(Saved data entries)
--- START ---

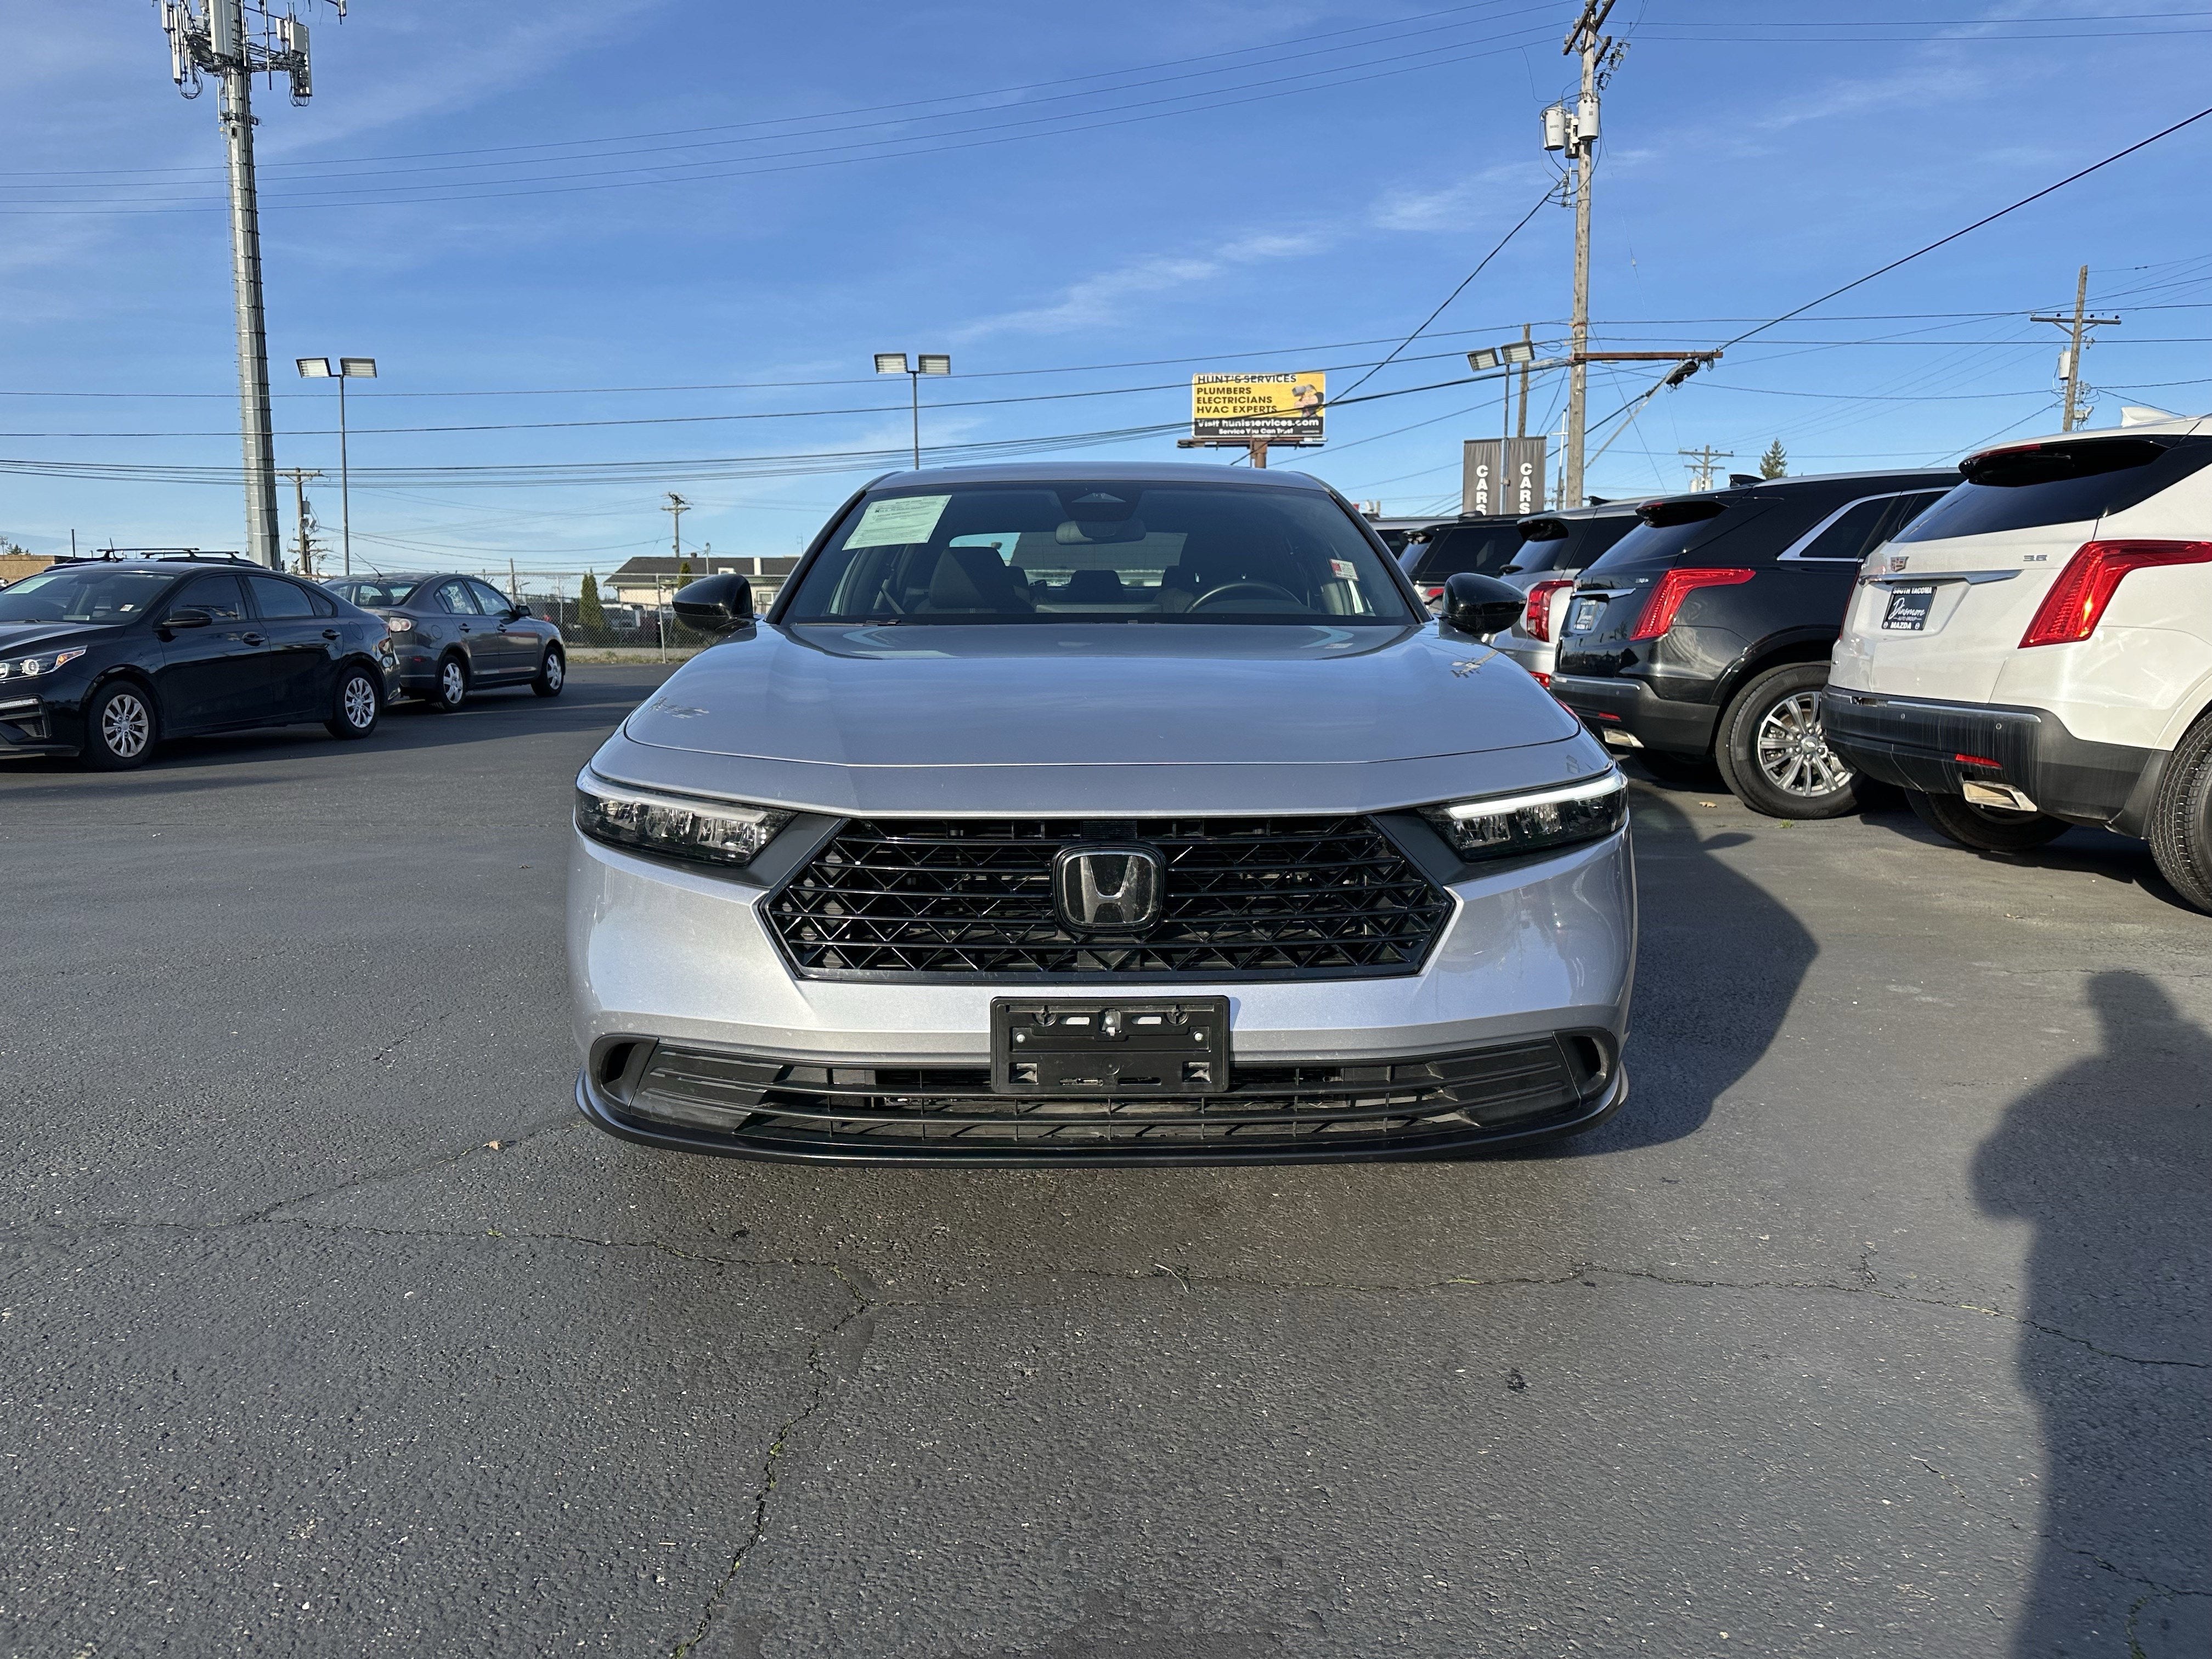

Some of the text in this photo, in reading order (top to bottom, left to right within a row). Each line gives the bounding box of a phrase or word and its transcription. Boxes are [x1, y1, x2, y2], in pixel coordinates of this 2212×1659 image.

[1197, 387, 1251, 395] PLUMBERS
[1198, 375, 1296, 383] HUNT'S SERVICES
[1476, 465, 1488, 516] CARS
[1520, 463, 1532, 514] CARS

--- END ---

▶ **WHAT YOU WILL DO**
Your answer must contain the full data, repeated exactly, without pictures.

▶ **RESULT FOR THIS TASK**
Some of the text in this photo, in reading order (top to bottom, left to right within a row). Each line gives the bounding box of a phrase or word and its transcription. Boxes are [x1, y1, x2, y2], in pixel coordinates of this 2212×1659 image.

[1197, 387, 1251, 395] PLUMBERS
[1198, 375, 1296, 383] HUNT'S SERVICES
[1476, 465, 1488, 516] CARS
[1520, 463, 1532, 514] CARS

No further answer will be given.